→ **The task**
Repeat every record exactly, but keep images out of the copy.

[Records from a dataset]
==*==

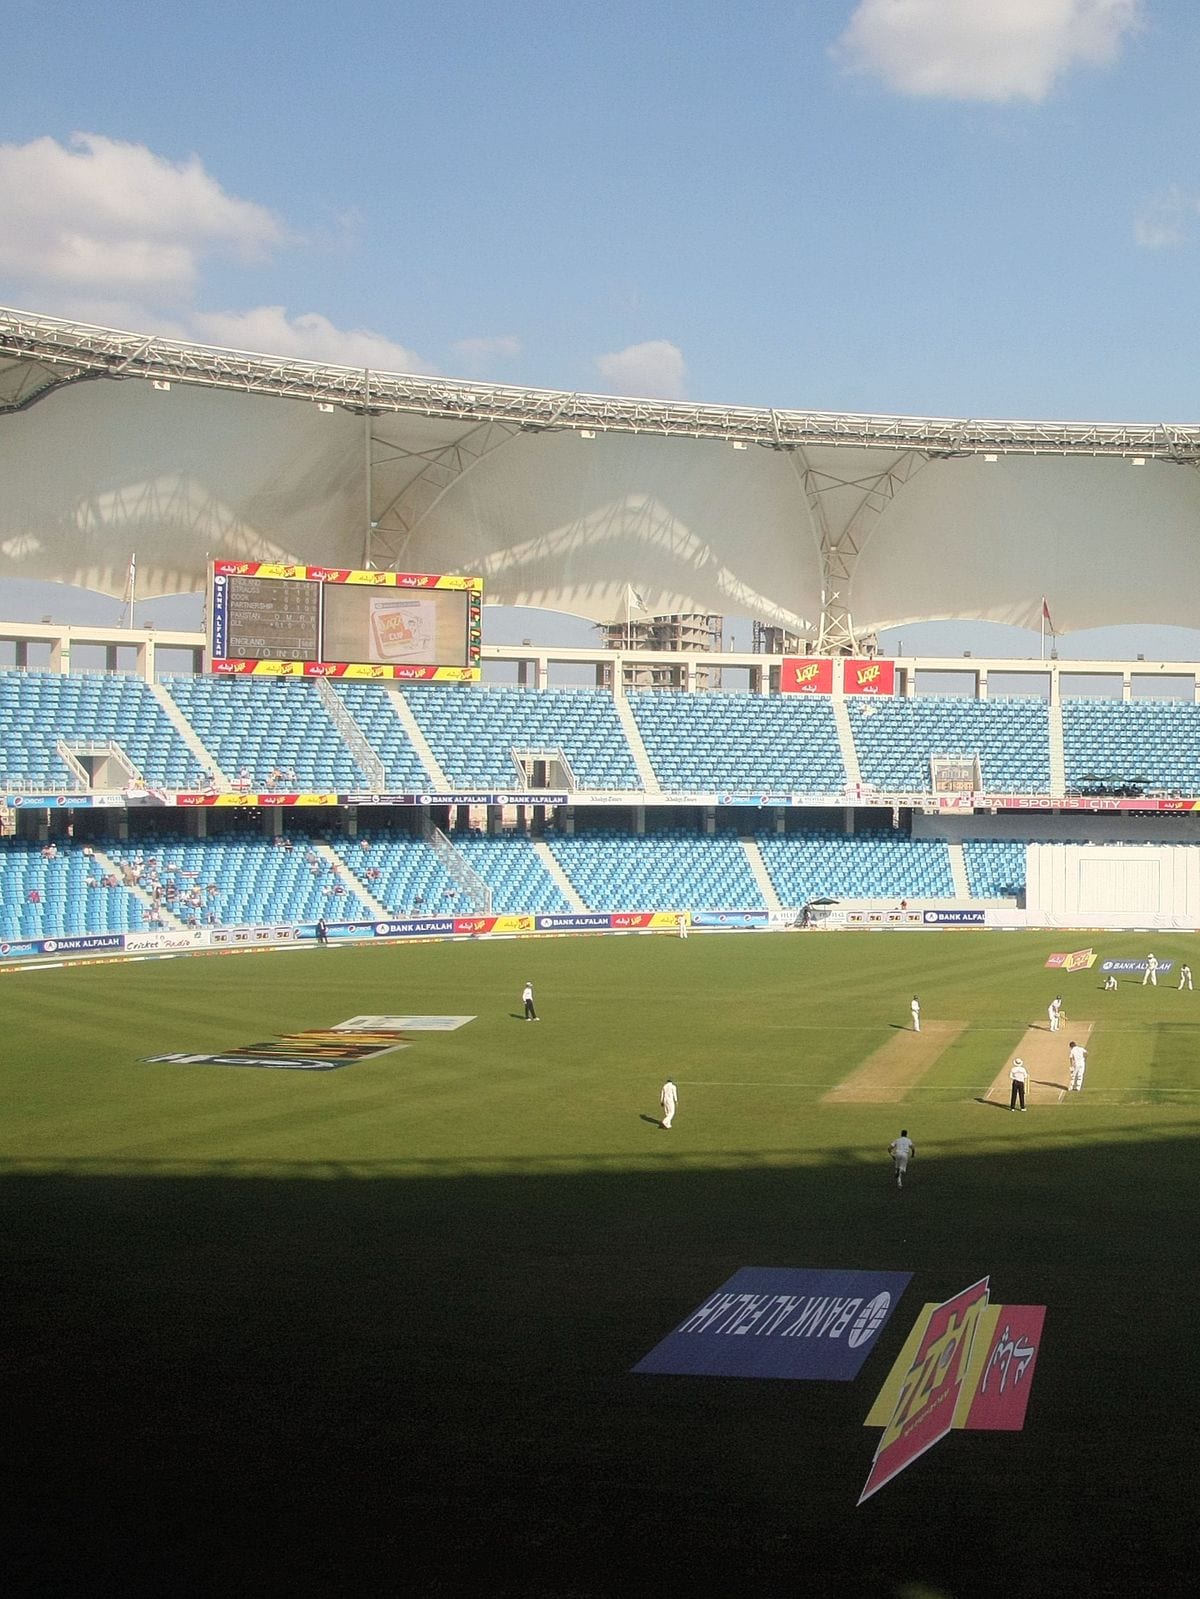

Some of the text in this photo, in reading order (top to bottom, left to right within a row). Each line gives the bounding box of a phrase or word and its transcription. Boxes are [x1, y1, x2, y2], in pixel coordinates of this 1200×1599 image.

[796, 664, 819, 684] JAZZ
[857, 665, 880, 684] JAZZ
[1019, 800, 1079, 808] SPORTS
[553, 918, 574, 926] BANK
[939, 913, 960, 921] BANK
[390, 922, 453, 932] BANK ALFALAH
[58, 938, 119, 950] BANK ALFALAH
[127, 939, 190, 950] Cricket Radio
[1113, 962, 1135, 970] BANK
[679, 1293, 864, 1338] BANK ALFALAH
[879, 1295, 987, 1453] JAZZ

==*==

→ **Task result**
Some of the text in this photo, in reading order (top to bottom, left to right within a row). Each line gives the bounding box of a phrase or word and its transcription. Boxes are [x1, y1, x2, y2], in pixel coordinates of this 1200×1599 image.

[796, 664, 819, 684] JAZZ
[857, 665, 880, 684] JAZZ
[1019, 800, 1079, 808] SPORTS
[553, 918, 574, 926] BANK
[939, 913, 960, 921] BANK
[390, 922, 453, 932] BANK ALFALAH
[58, 938, 119, 950] BANK ALFALAH
[127, 939, 190, 950] Cricket Radio
[1113, 962, 1135, 970] BANK
[679, 1293, 864, 1338] BANK ALFALAH
[879, 1295, 987, 1453] JAZZ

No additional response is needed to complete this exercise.